Analysis of Case Study : M/s. Friends Media Add Company vs. Principal Commissioner of Goods and Service Tax [W.P.(C) No. 1260 of 2024 dated February 12, 2024]
Let’s simplify and elaborate on the case of M/s. Friends Media Add Company vs. Principal Commissioner of Goods and Service Tax [W.P.(C) No. 1260 of 2024 dated February 12, 2024] decided by the Delhi High Court regarding the retrospective cancellation of GST registration:
Case Summary:
Facts:
- M/s. Friends Media Add Company challenged the retrospective cancellation of their GST registration by the tax authorities.
- The company argued that the show cause notice (SCN) issued for cancellation was vague and did not provide them with an opportunity to object to the retrospective cancellation of their registration.
Legal Issue:
- Whether GST registration can be cancelled retrospectively without providing a clear opportunity for the taxpayer to respond, especially when the SCN lacks specificity.
Court’s Decision:
- Nature of SCN: The Delhi High Court noted that the SCN issued to the petitioner did not clearly indicate that their GST registration was liable to be cancelled retrospectively.
- Opportunity to Object: The court observed that the taxpayer was not granted a proper opportunity to raise objections against the retrospective cancellation, which could adversely affect their tax compliance and the rights of their customers.

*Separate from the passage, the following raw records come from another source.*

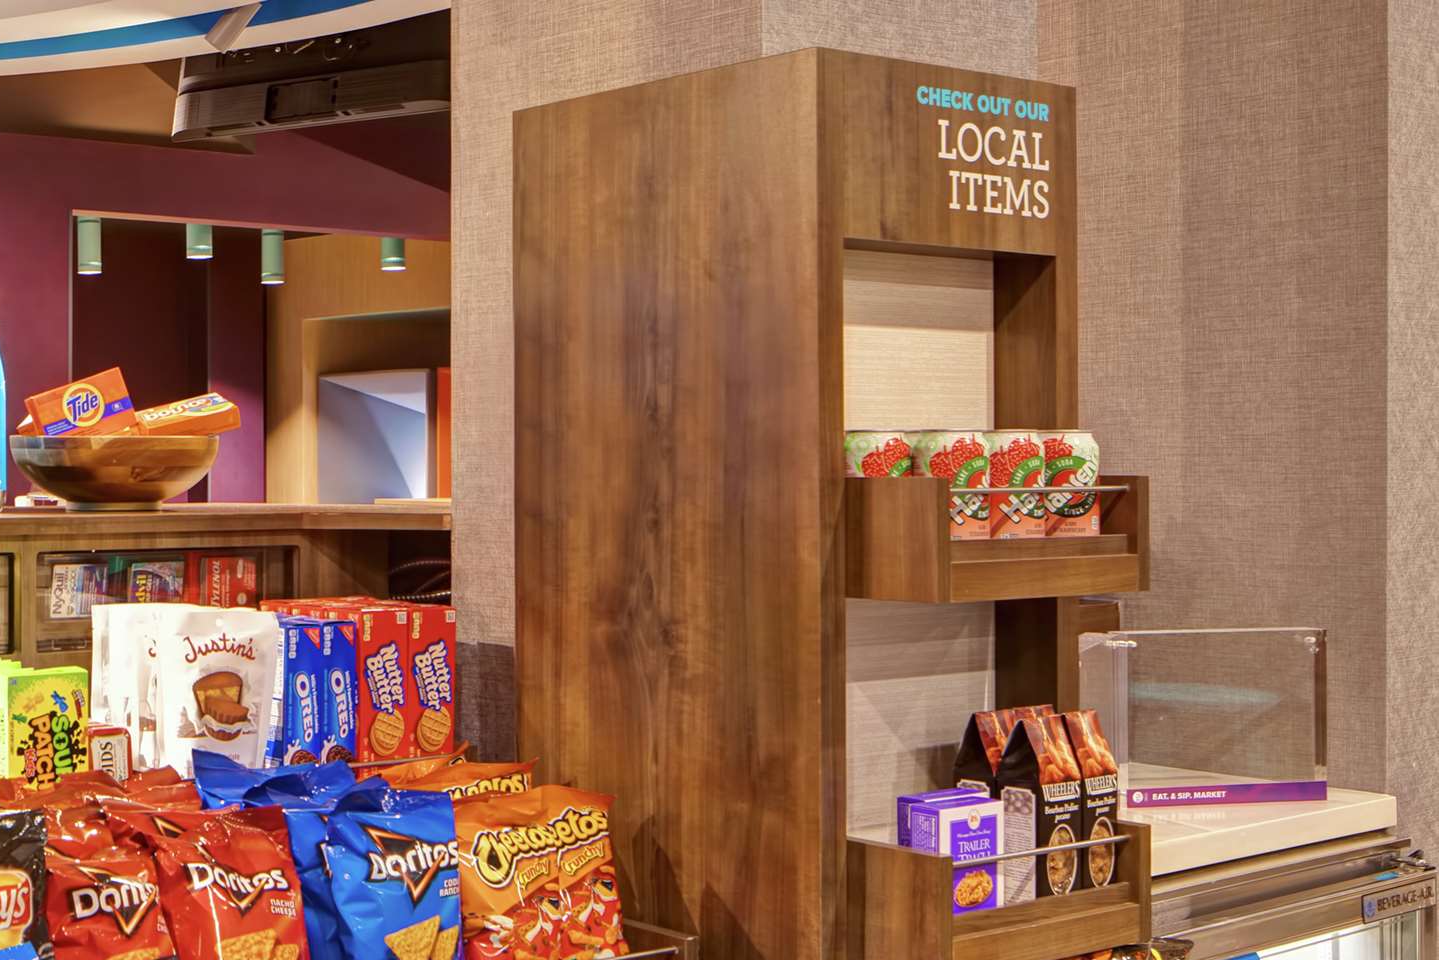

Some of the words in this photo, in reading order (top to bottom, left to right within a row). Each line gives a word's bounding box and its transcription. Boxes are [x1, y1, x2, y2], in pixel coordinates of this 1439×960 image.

[916, 85, 974, 111] CHECK
[977, 95, 1011, 117] OUT
[1015, 100, 1050, 122] OUR
[937, 119, 1050, 171] LOCAL
[948, 170, 1050, 219] ITEMS
[67, 392, 99, 422] Tide
[52, 572, 65, 615] NyQuil
[211, 559, 222, 608] TYLENOL
[184, 632, 257, 663] Justin's
[366, 655, 394, 714] Butter
[381, 643, 404, 705] Nutter
[414, 653, 441, 712] Butter
[428, 639, 452, 704] Nutter
[294, 672, 313, 744] OREO
[330, 667, 349, 739] OREO
[31, 713, 52, 791] PATCH
[1152, 793, 1169, 801] EAT.
[1170, 792, 1176, 800] &
[1193, 790, 1227, 799] MARKET
[369, 837, 460, 882] Doritos
[561, 842, 604, 875] Crunchy
[958, 838, 991, 854] TRAILER
[186, 862, 290, 895] Doritos
[270, 899, 296, 910] NACHO
[270, 906, 298, 918] CHEESE
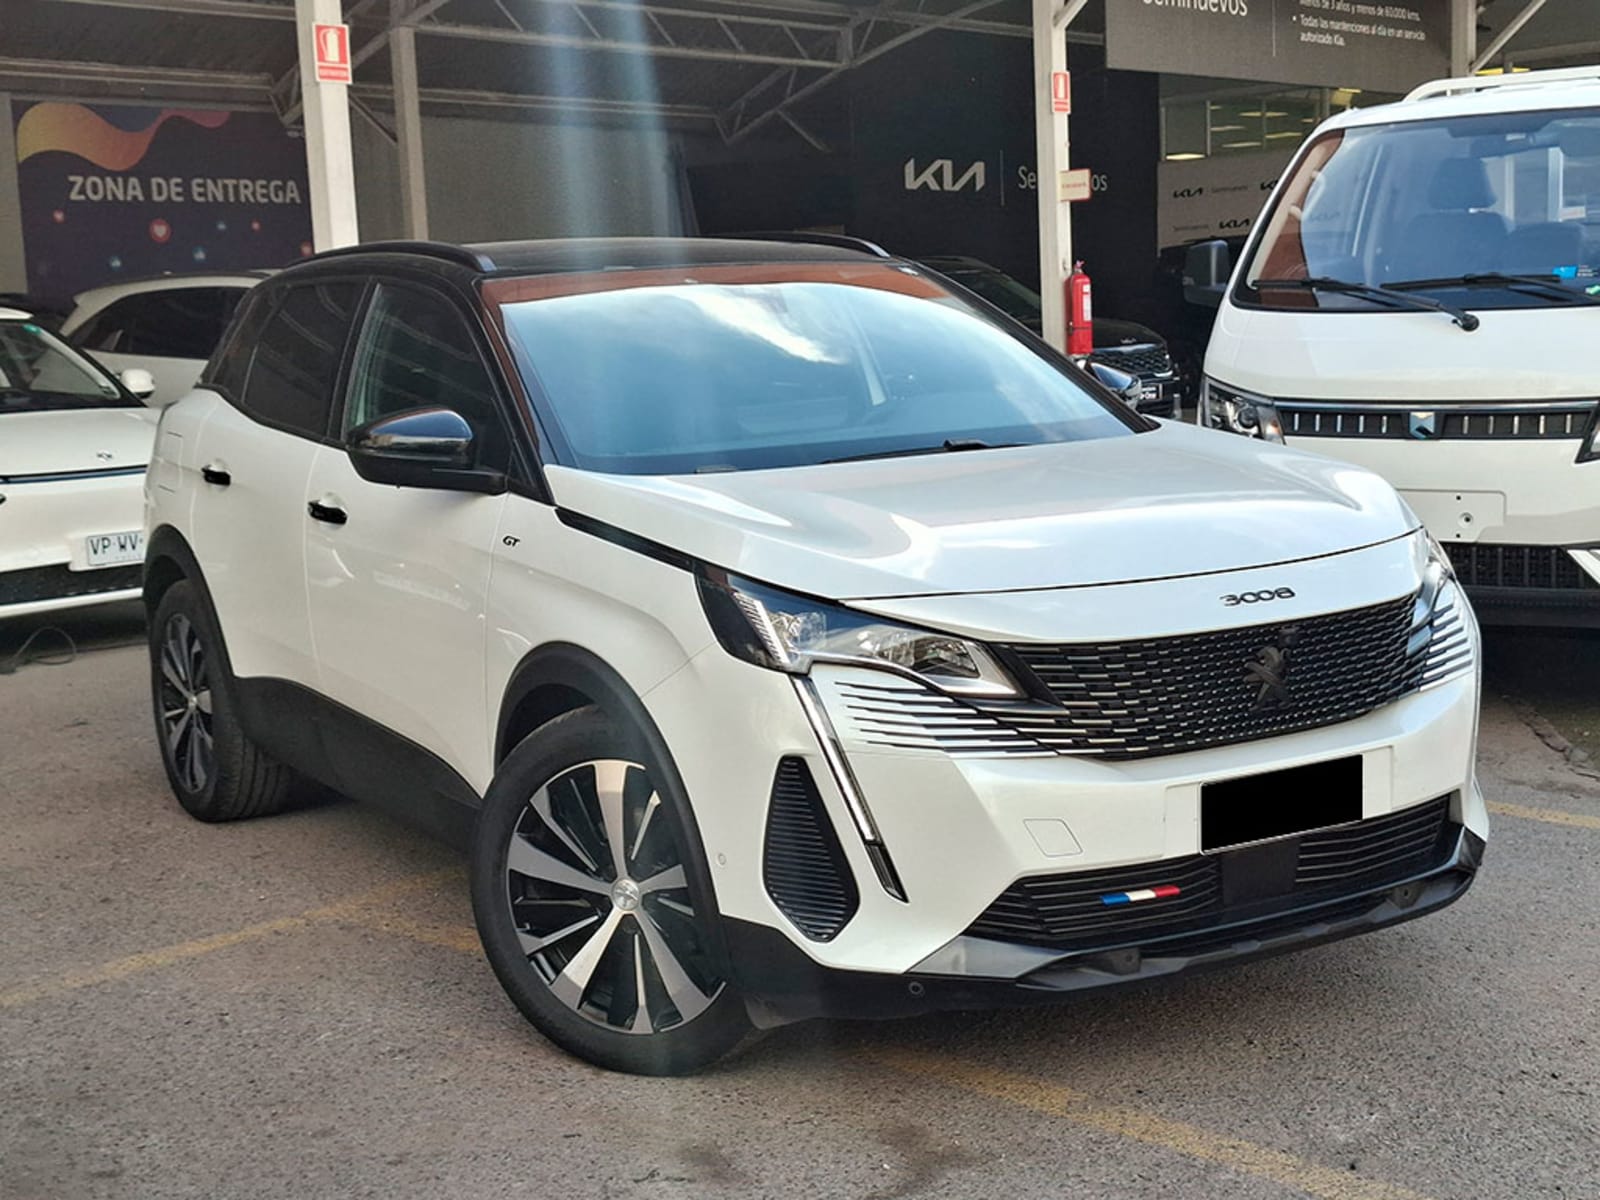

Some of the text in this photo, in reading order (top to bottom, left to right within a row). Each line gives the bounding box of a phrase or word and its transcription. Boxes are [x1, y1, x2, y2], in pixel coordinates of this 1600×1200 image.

[1143, 0, 1248, 16] uevos
[904, 158, 985, 192] KIA
[68, 175, 302, 204] ZONA DE ENTREGA
[1173, 187, 1204, 198] KIA
[1219, 218, 1250, 229] KIA
[502, 535, 521, 547] GT
[1219, 587, 1295, 607] 3008
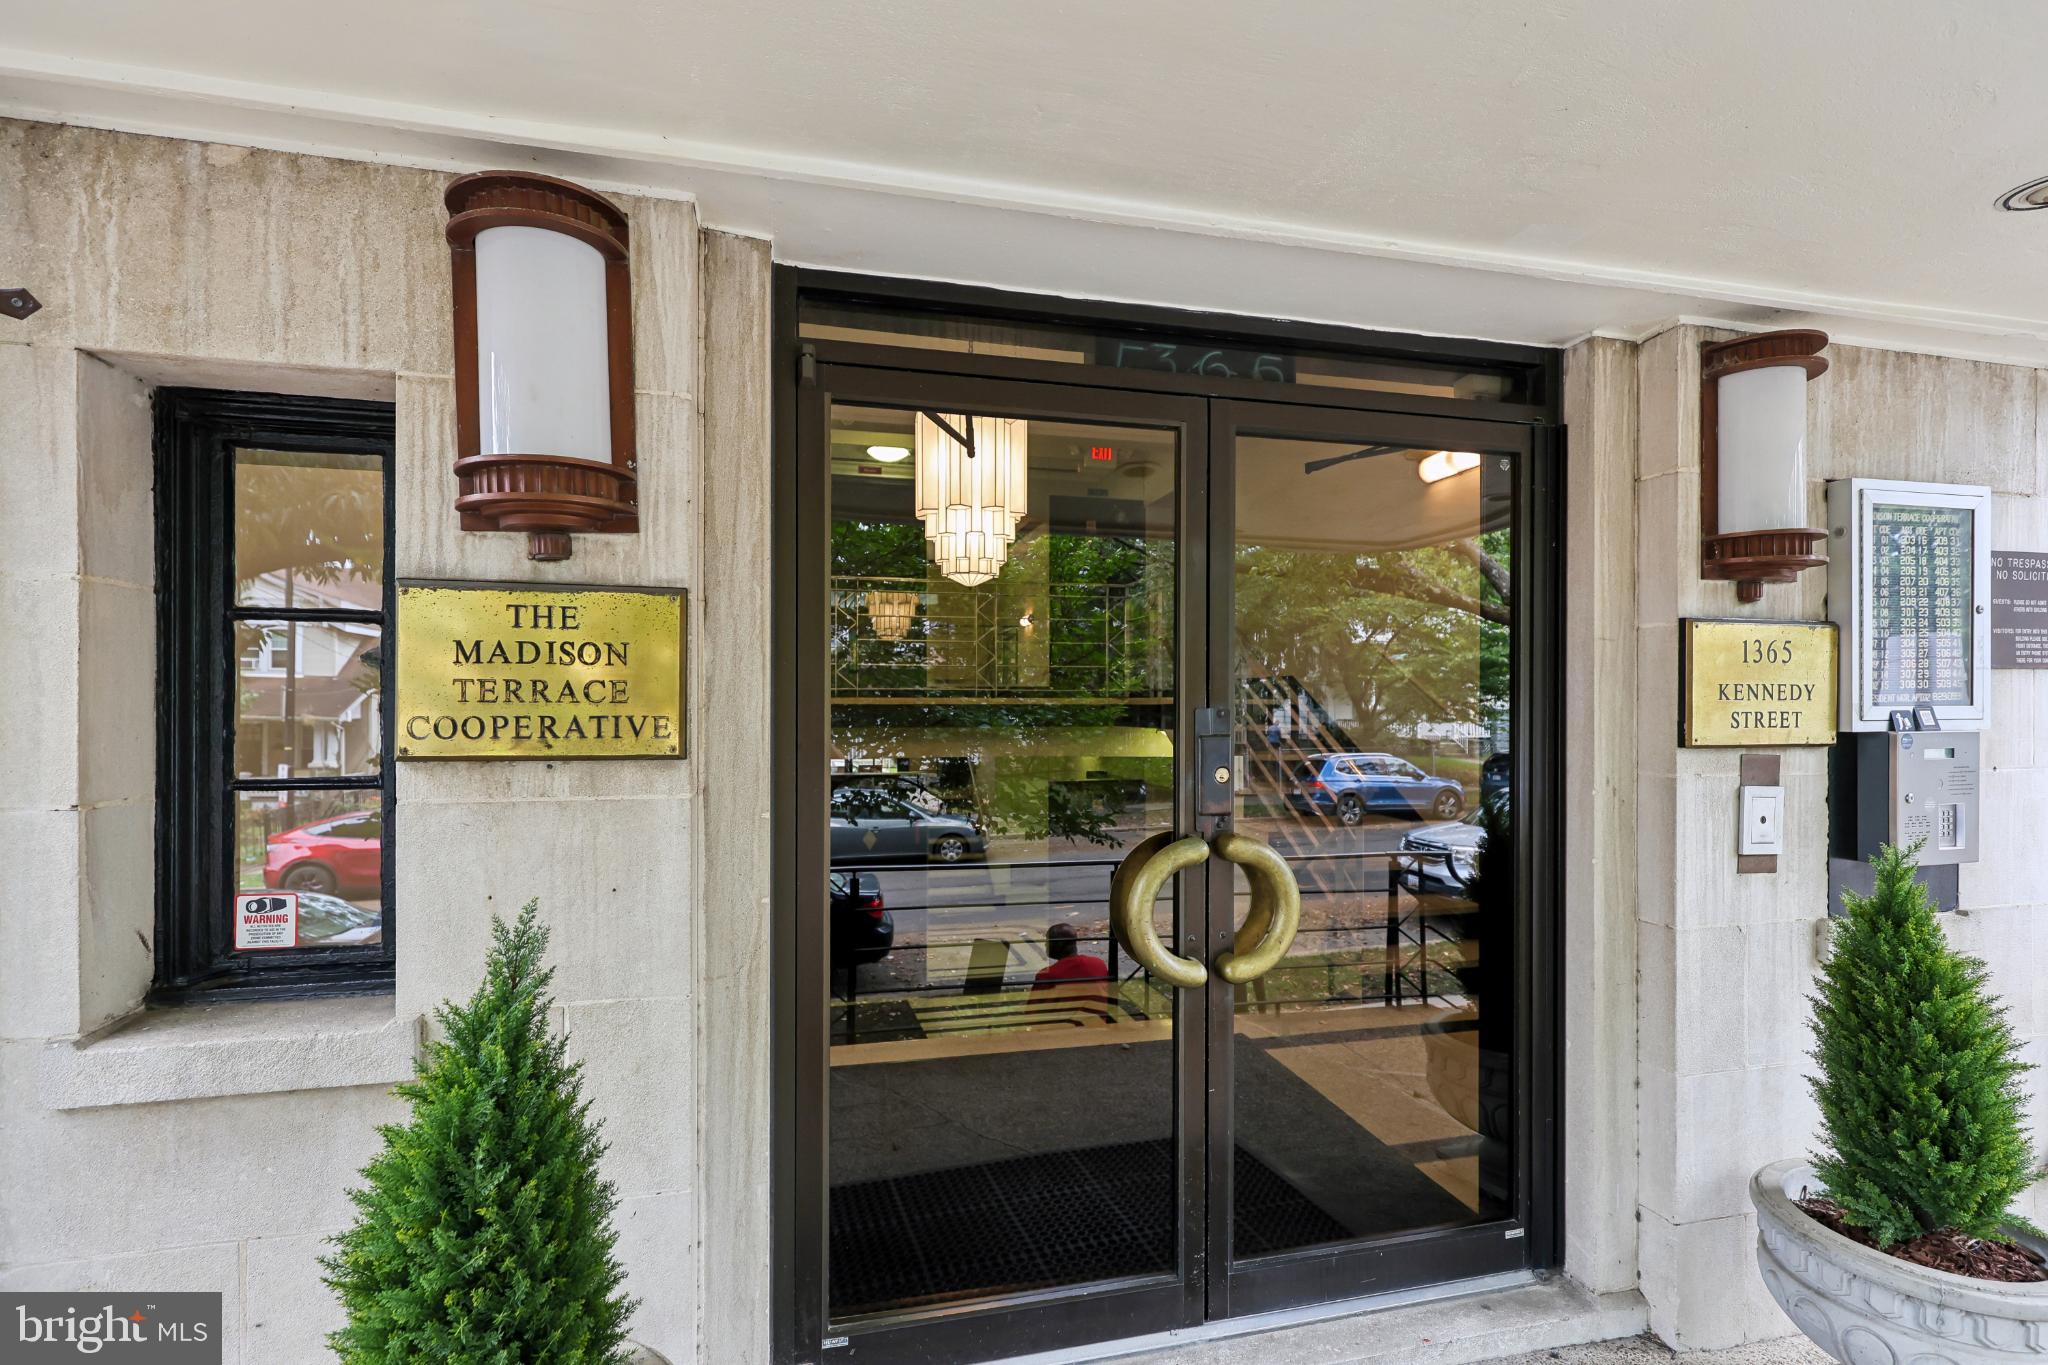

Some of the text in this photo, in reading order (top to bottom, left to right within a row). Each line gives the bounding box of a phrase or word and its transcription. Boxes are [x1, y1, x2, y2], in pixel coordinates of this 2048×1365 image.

- Section 29(2) of CGST Act: While acknowledging the authority of the Proper Officer to cancel GST registration retrospectively under Section 29(2) of the CGST Act, the court emphasized that such cancellations must be based on objective criteria and cannot be done mechanically.
- Impact of Retrospective Cancellation: The court highlighted that retrospective cancellation can lead to significant implications, including denial of input tax credit to the taxpayer’s customers for supplies made during the affected period.
- Modification of Order: In light of these considerations, the Delhi High Court modified the GST cancellation order to operate prospectively from the date of issuance of the SCN. This means that the cancellation would be effective only from a future date rather than retroactively.
Explanation:
- GST Registration Cancellation:
- Under Section 29(2) of the CGST Act, the Proper Officer has the authority to cancel GST registration from a retrospective date if certain conditions are met, such as non-compliance or other specified grounds.
- However, the cancellation cannot be arbitrary or based solely on the taxpayer’s failure to file returns for a period. It must be justified by objective criteria related to non-compliance with GST regulations.
- Due Process and Opportunity:
- The case underscores the importance of due process in tax administration. Taxpayers have the right to be informed clearly and specifically through the SCN about the grounds and implications of cancellation, especially if it is to be done retrospectively.
- The lack of a proper opportunity to respond to such notices undermines the principles of natural justice and procedural fairness.
- Legal Precedents:
- The Delhi High Court referred to similar judgments like Singla Exports v. CBIC and Rishiraj Aluminium Pvt. Ltd. v. GST Officer, where it upheld the rights of taxpayers against arbitrary retrospective cancellations of GST registrations.
- These decisions uphold the rule of law and ensure that tax authorities follow a fair and transparent process when exercising their powers under the GST law.
Conclusion:
The judgment in M/s. Friends Media Add Company vs. Principal Commissioner of GST highlights the judiciary’s role in safeguarding taxpayer rights and ensuring procedural fairness in tax matters. By modifying the cancellation order to operate prospectively, the Delhi High Court protected the interests of the taxpayer and emphasized the importance of providing clear and adequate opportunities for taxpayers to respond to show cause notices. This decision reinforces the principles of natural justice and due process in GST administration, contributing to a more equitable tax regime.